Employers who need to plan travel for later in the year should bear in mind that we do not know exactly which rules will be in force. The detail set out below assumes that some of the rules will be similar to those outlined previously. 

The rules in Scotland, Wales and Northern Ireland may differ slightly so employers should check the relevant websites for more information. Scotland continues to quarantine passengers from countries with a higher prevalence of COVID-19 than its own.

Possible future rules

The impact on travel is as yet unknown but unnecessary travel within the UK and internationally is likely to remain highly restricted to those with essential reasons to travel until at least 17 May. If hotels, bars and restaurants are going to be restricted to eating outside, then it seems likely that non-essential foreign travel will remain restricted. Government ministers have focussed on summer holiday breaks in Britain so non-essential foreign travel may remain off limits. However essential work travel may occur subject to a large number of restrictions. 

International travel

Generally, prior to the January lockdown, the Foreign and Commonwealth Office advised against all non-essential international travel, unless the destination was on a list of exempt countries and territories. Although this exempt list is suspended during lockdown, it may be reinstated when COVID levels reduce. 
The UK Government has set up a taskforce looking at a framework to allow vaccinated individuals to travel more freely internationally. Any scheme is likely to involve vaccination, testing and isolation but is dependent on the evidence on transmission and efficacy against new variants. 

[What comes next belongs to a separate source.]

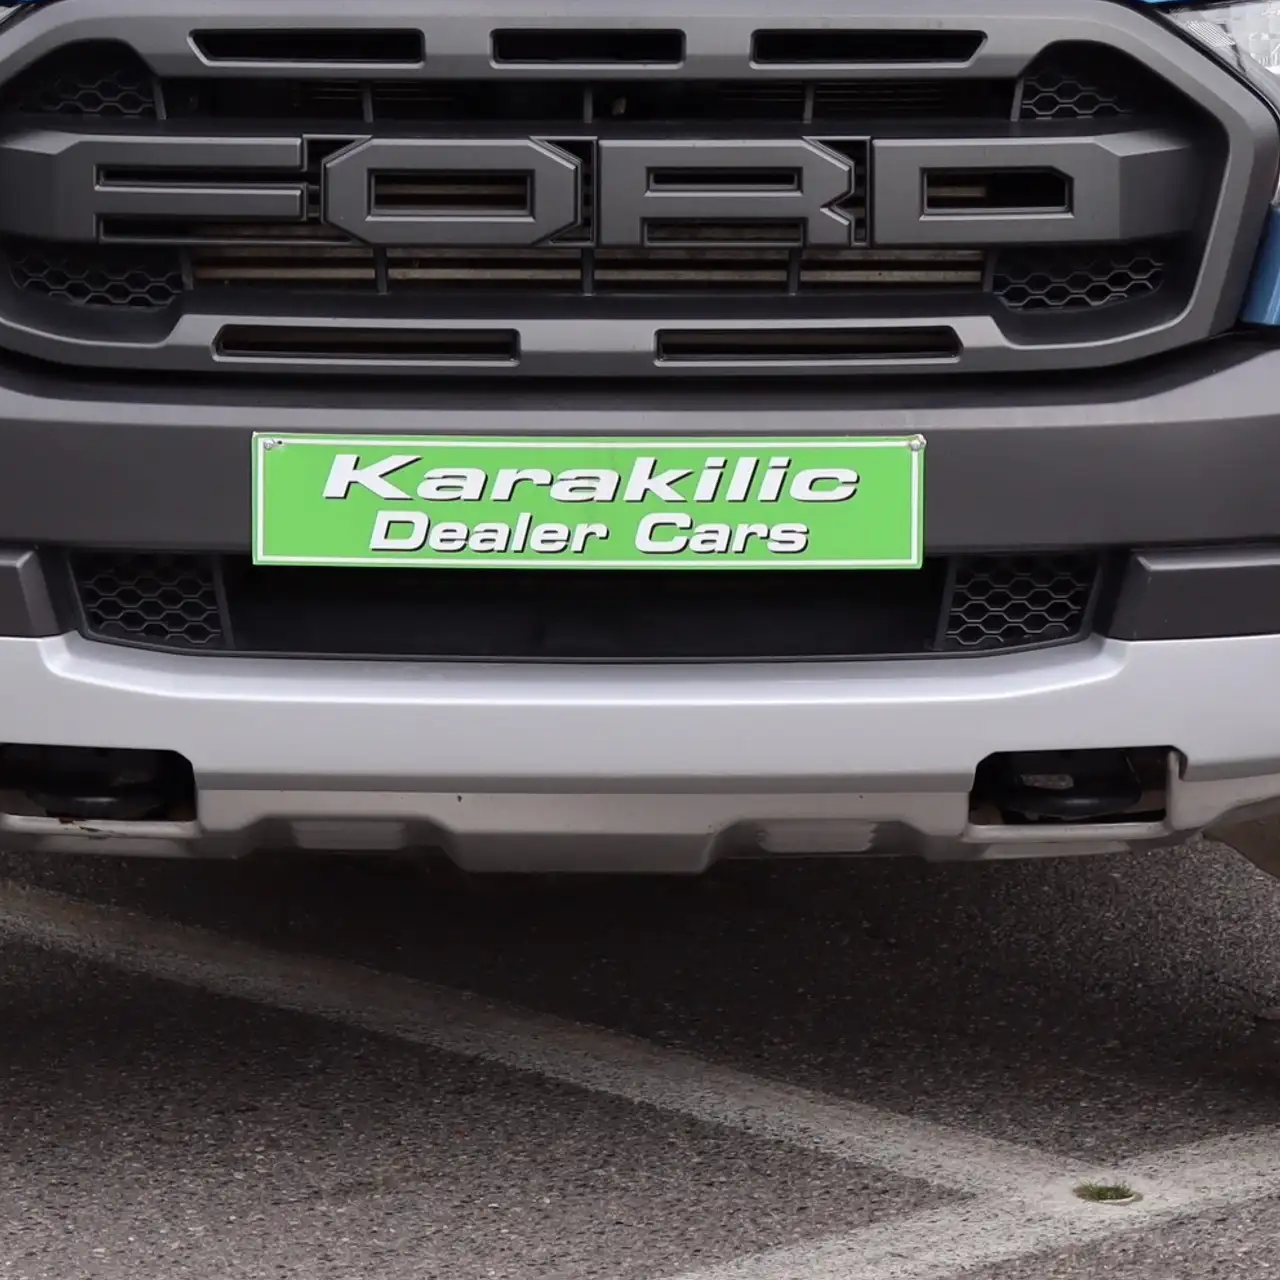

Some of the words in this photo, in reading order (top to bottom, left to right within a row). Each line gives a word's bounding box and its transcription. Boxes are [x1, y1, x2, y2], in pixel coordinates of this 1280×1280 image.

[322, 453, 861, 503] Karakilic
[368, 509, 610, 553] Dealer
[634, 512, 810, 554] Cars

The UK is also working with other countries and the World Health Organisation to adopt a clear international system for passengers and the travel industry, but this will take time to implement. The UK taskforce will report on 12 April, with recommendations about a return to international travel, but restrictions on such travel remain in place until at least the 17 May.

Points to consider
During the pandemic (both before and after May 2021) employers should have a very strong reason for any business travel, but especially for travel to a country that is not on the exempt list. Employers should always consider:
  • whether their business travel insurance policy would cover any proposed trips
  • the impact of the 10-day quarantine period when applicable, for any staff coming back into the UK (see below)
  • any restrictions in the countries to which the employees will be visiting.
Non-UK travellers who have been in 33 red-list countries in the 10 days before travelling are currently banned from entry. When those restrictions do lift, those arriving in the UK may still not be allowed to leave the place where they're staying for the first 10 days unless exempt countries are reinstated. The quarantine rules are reviewed regularly so employers should regularly check for up to date Government advice

Test to release

From 15 December 2020 a Test to Release for International Travel scheme has continued to apply. This enables people returning to England (the other parts of the UK do not operate a Test to Release scheme), who need to self-isolate, to take a COVID test with a private test provider to see if they can end their self-isolation early. If the test is positive, they must self-isolate for a further 10 days, starting from the day they took the test. For further details see the Q: What are the new quarantine rules? (above).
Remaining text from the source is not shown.